§ **What you will do**: Give the entries back exactly, dropping each image.

§ **Material for this exercise**:
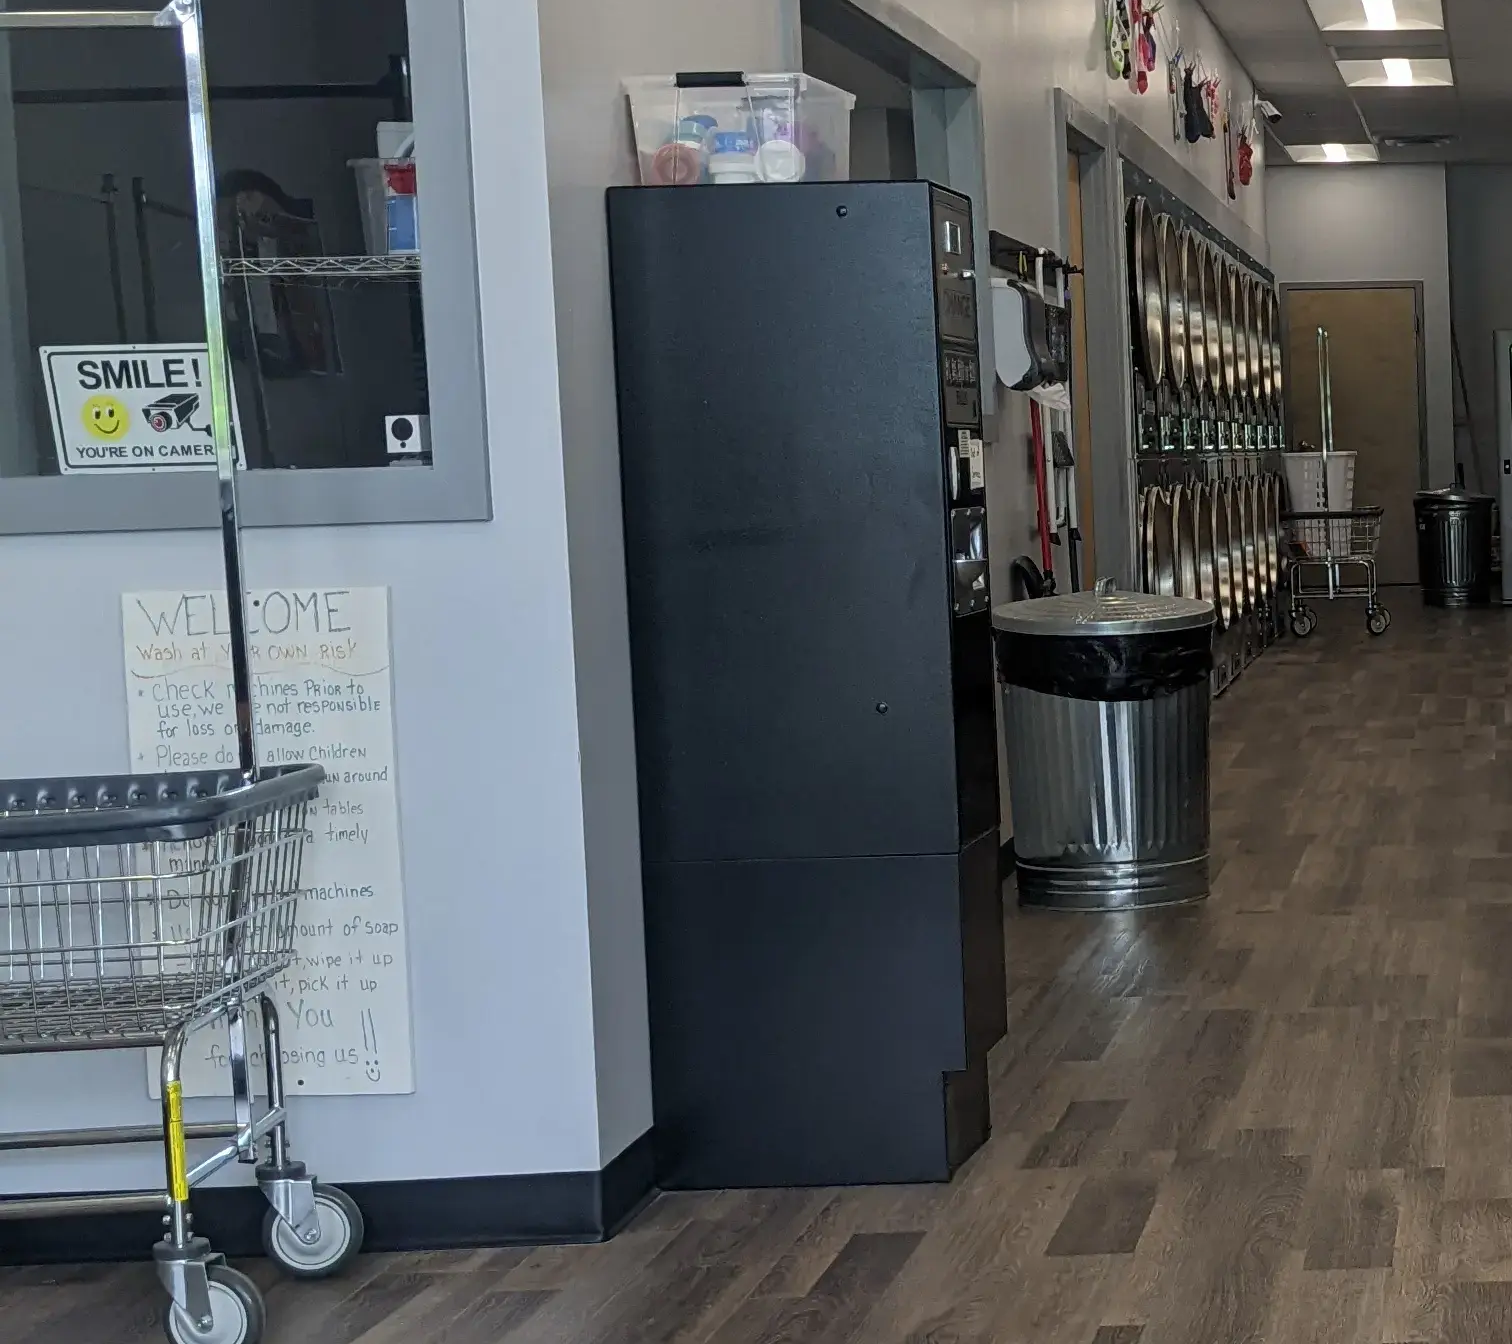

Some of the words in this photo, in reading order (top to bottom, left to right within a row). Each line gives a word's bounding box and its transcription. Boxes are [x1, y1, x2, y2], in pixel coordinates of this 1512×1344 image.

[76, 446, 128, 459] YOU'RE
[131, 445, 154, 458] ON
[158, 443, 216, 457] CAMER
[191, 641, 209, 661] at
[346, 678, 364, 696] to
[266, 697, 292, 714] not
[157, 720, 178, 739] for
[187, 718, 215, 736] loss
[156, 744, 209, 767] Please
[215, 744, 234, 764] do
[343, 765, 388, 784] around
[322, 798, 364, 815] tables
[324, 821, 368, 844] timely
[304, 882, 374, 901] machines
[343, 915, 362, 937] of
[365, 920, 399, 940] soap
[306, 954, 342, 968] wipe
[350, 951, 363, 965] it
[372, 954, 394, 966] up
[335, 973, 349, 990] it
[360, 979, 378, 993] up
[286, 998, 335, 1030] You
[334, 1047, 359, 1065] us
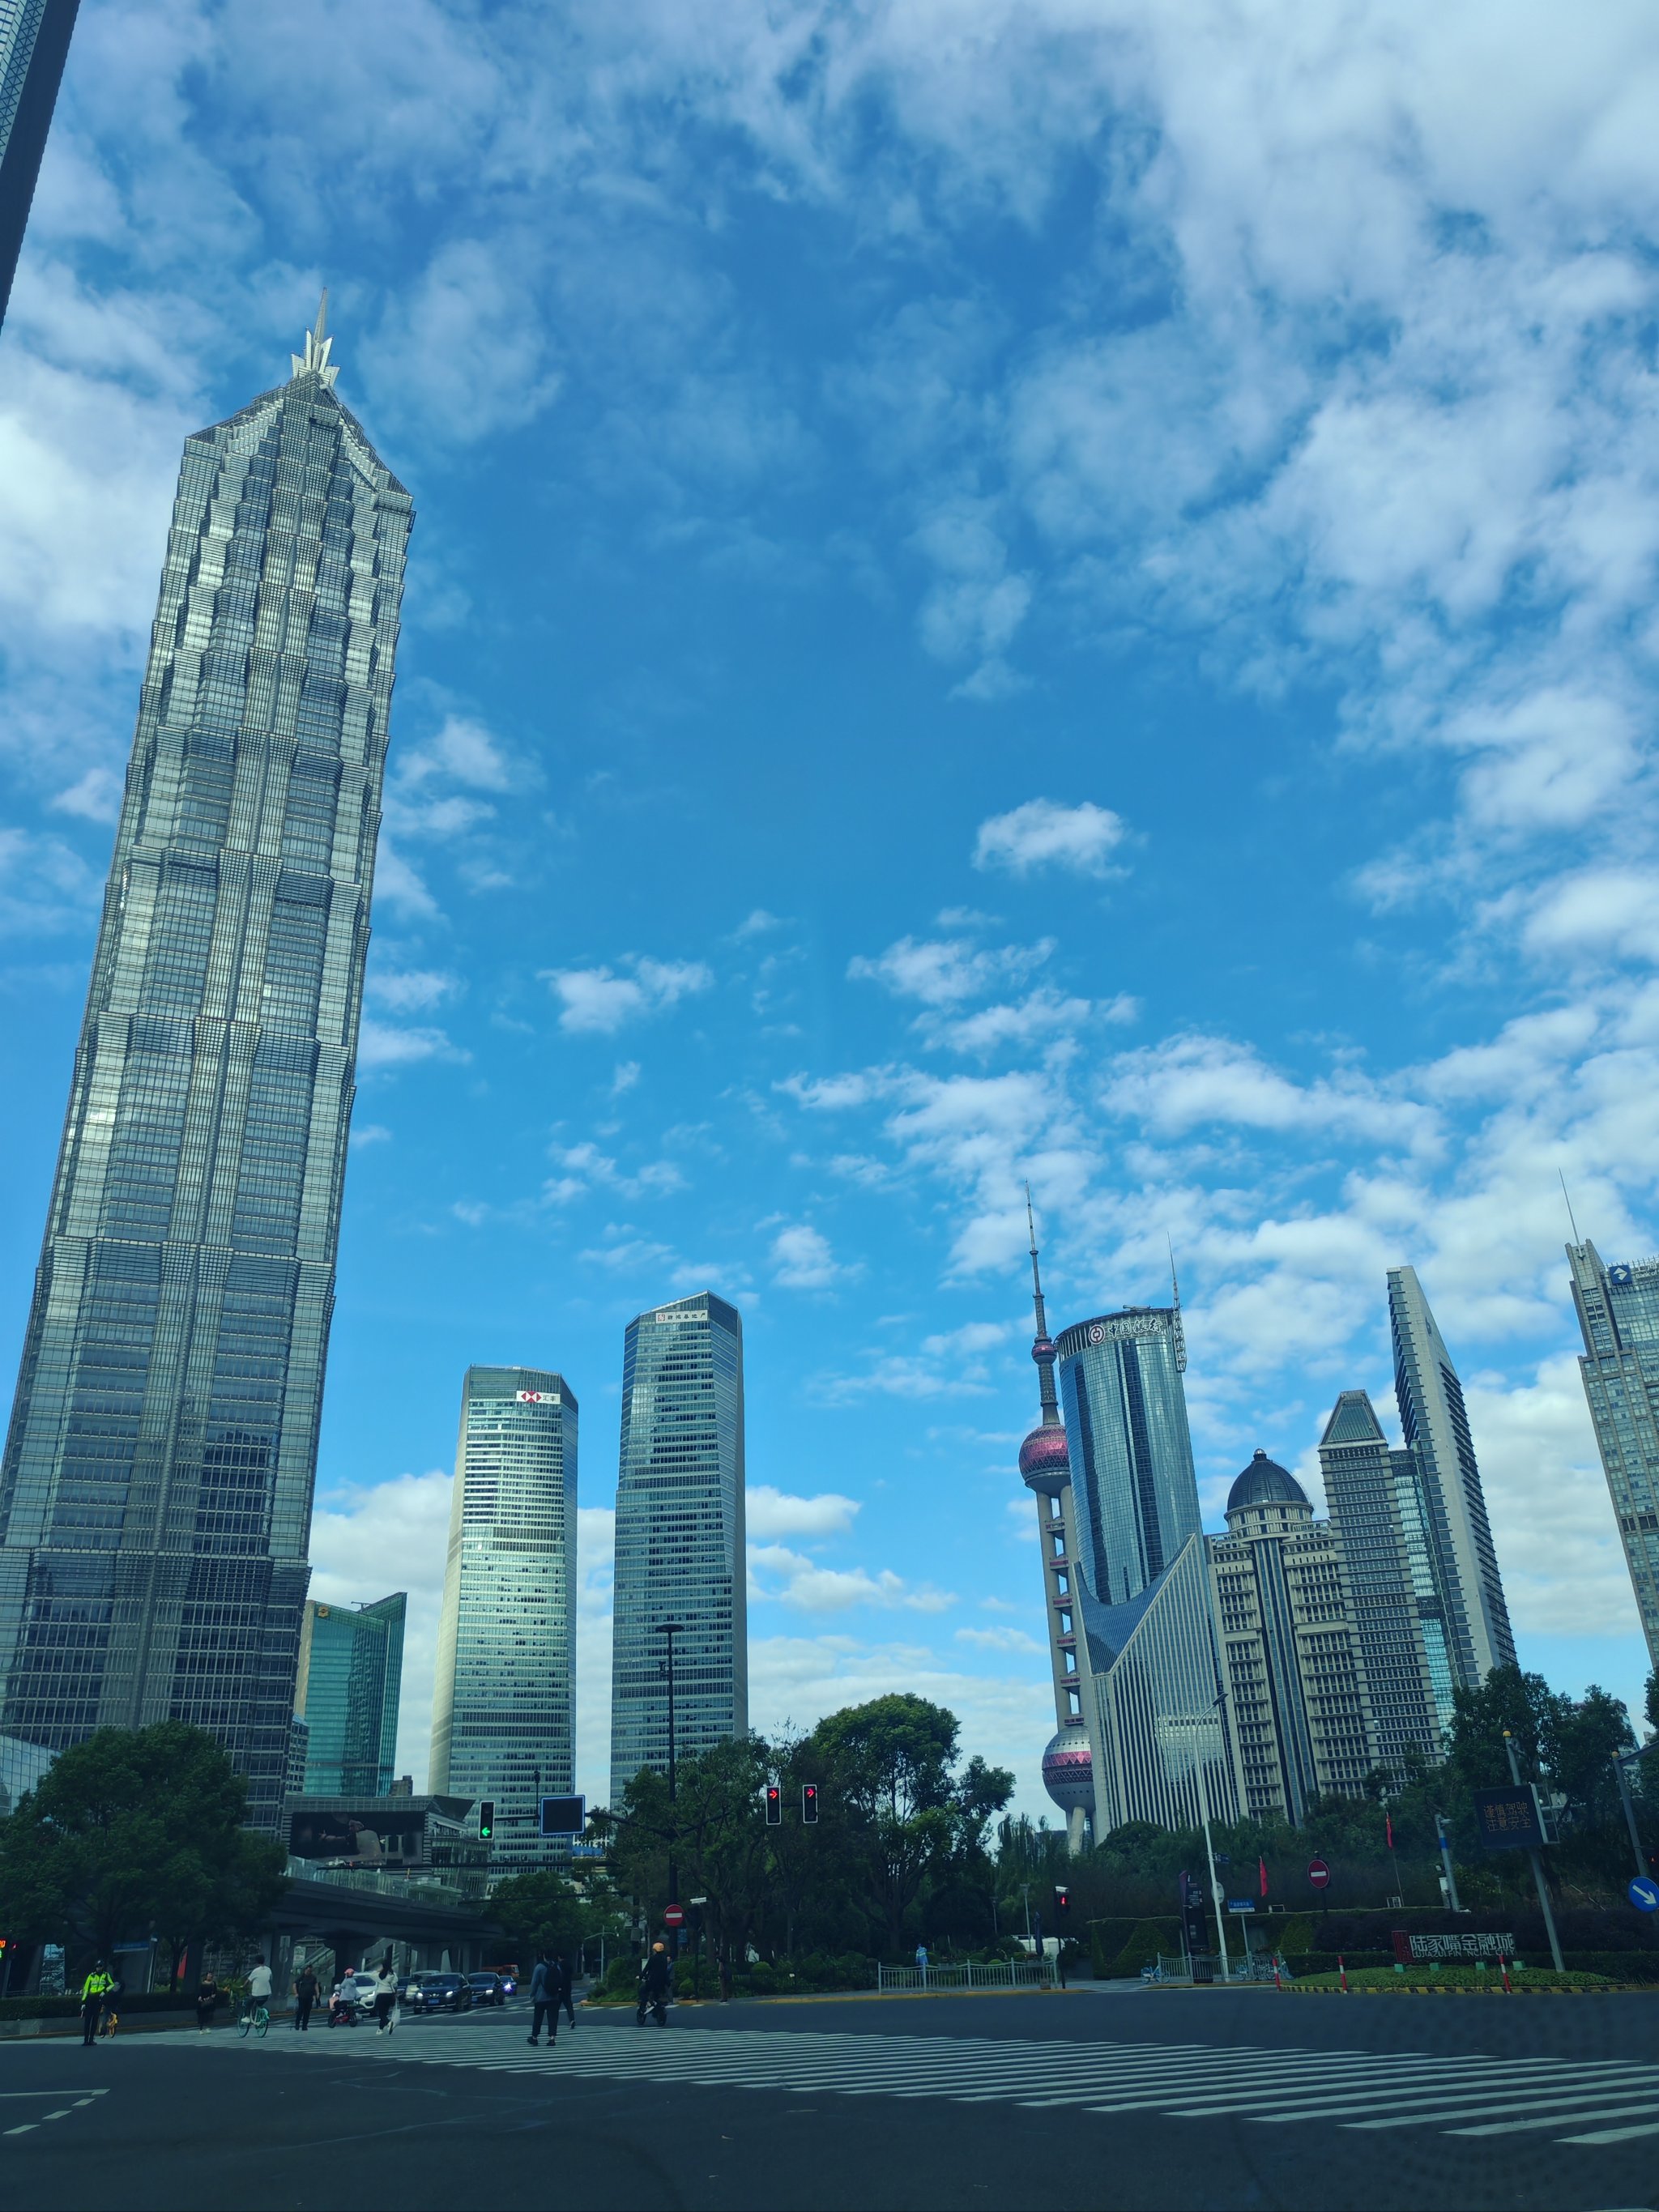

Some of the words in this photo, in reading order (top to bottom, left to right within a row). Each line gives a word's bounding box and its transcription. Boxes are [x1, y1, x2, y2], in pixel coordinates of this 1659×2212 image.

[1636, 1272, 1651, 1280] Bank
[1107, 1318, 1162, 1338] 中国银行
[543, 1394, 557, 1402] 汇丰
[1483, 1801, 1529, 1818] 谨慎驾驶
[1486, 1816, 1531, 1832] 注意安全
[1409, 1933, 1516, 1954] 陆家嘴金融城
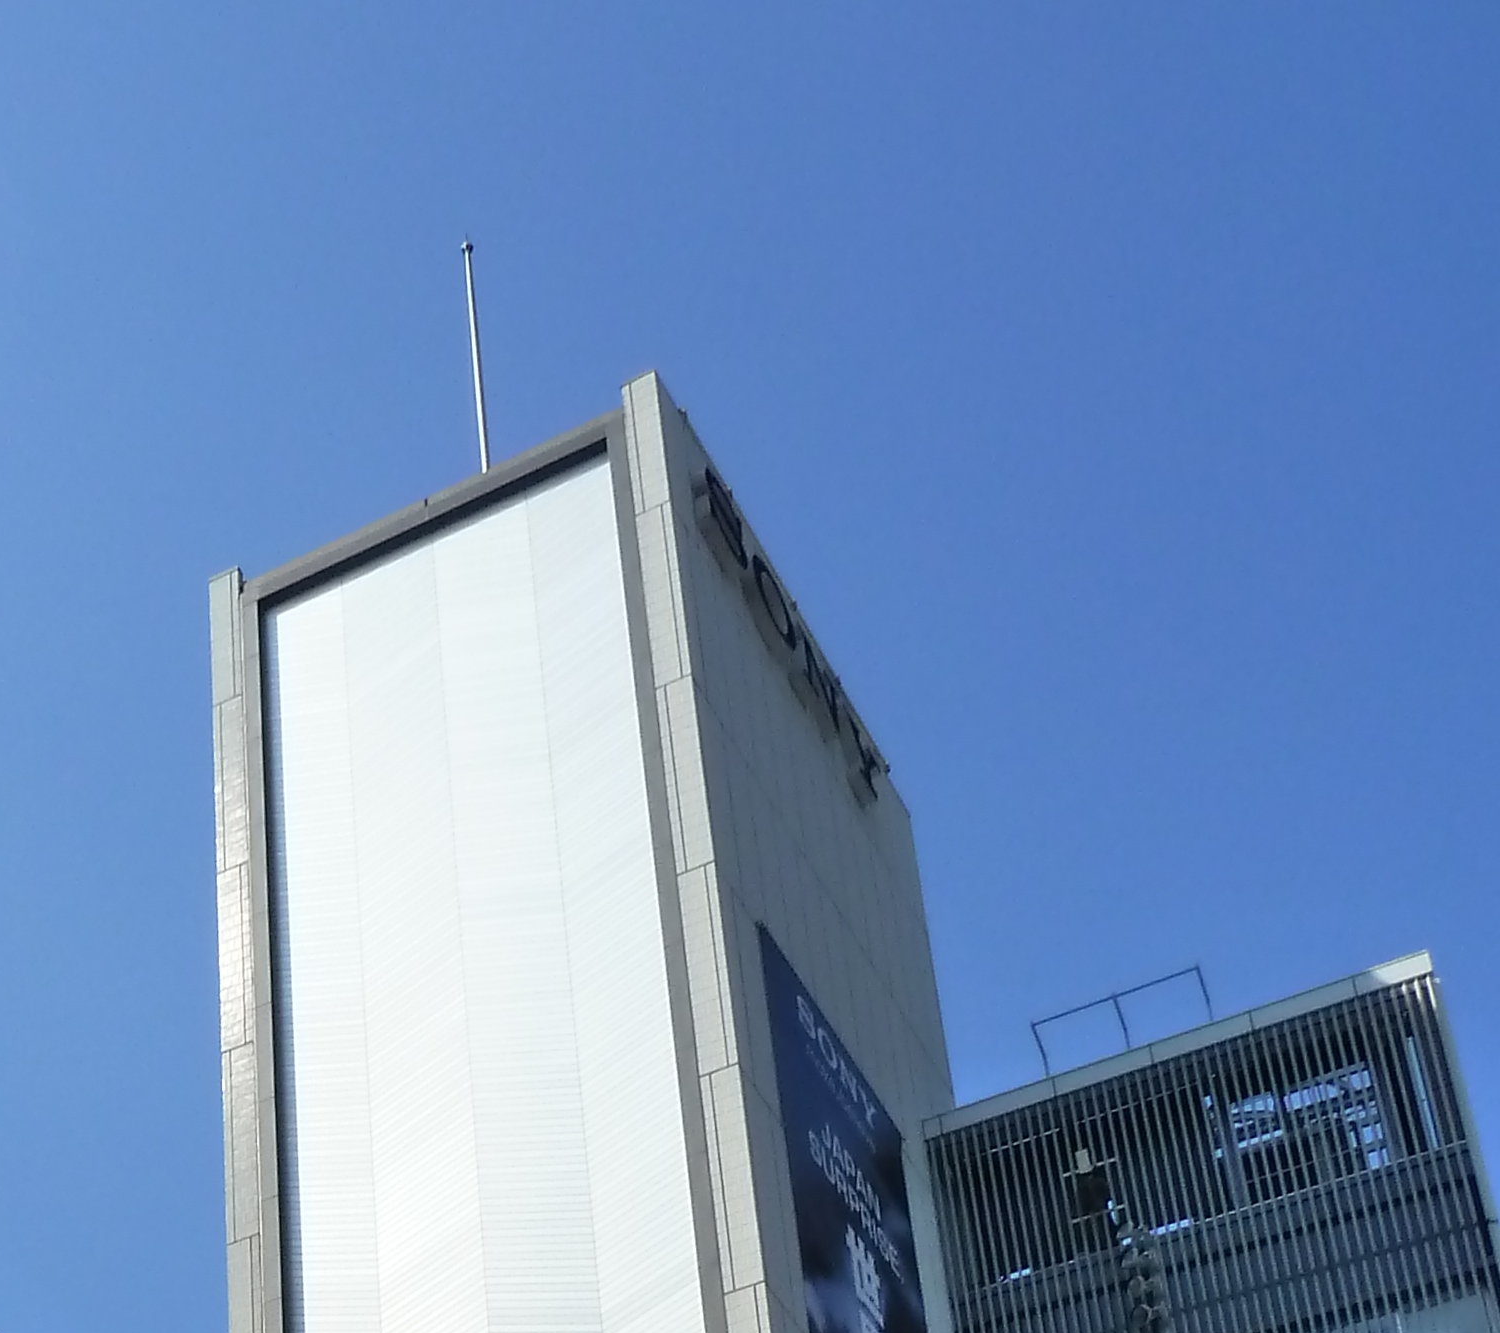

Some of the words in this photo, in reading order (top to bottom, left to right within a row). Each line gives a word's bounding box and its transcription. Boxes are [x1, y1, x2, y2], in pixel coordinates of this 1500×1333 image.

§ **Output below**:
Some of the words in this photo, in reading order (top to bottom, left to right within a row). Each line gives a word's bounding box and its transcription. Boxes are [x1, y1, x2, y2], in pixel coordinates of this 1512×1344 image.

[76, 446, 128, 459] YOU'RE
[131, 445, 154, 458] ON
[158, 443, 216, 457] CAMER
[191, 641, 209, 661] at
[346, 678, 364, 696] to
[266, 697, 292, 714] not
[157, 720, 178, 739] for
[187, 718, 215, 736] loss
[156, 744, 209, 767] Please
[215, 744, 234, 764] do
[343, 765, 388, 784] around
[322, 798, 364, 815] tables
[324, 821, 368, 844] timely
[304, 882, 374, 901] machines
[343, 915, 362, 937] of
[365, 920, 399, 940] soap
[306, 954, 342, 968] wipe
[350, 951, 363, 965] it
[372, 954, 394, 966] up
[335, 973, 349, 990] it
[360, 979, 378, 993] up
[286, 998, 335, 1030] You
[334, 1047, 359, 1065] us

Some of the words in this photo, in reading order (top to bottom, left to right within a row). Each line gives a word's bounding box and its transcription. Boxes are [x1, y1, x2, y2], in pixel coordinates of this 1659×2212 image.

[1636, 1272, 1651, 1280] Bank
[1107, 1318, 1162, 1338] 中国银行
[543, 1394, 557, 1402] 汇丰
[1483, 1801, 1529, 1818] 谨慎驾驶
[1486, 1816, 1531, 1832] 注意安全
[1409, 1933, 1516, 1954] 陆家嘴金融城

Some of the words in this photo, in reading order (top to bottom, left to right within a row). Each line gives a word's bounding box and its transcription. Boxes are [x1, y1, x2, y2], in pixel coordinates of this 1500×1333 image.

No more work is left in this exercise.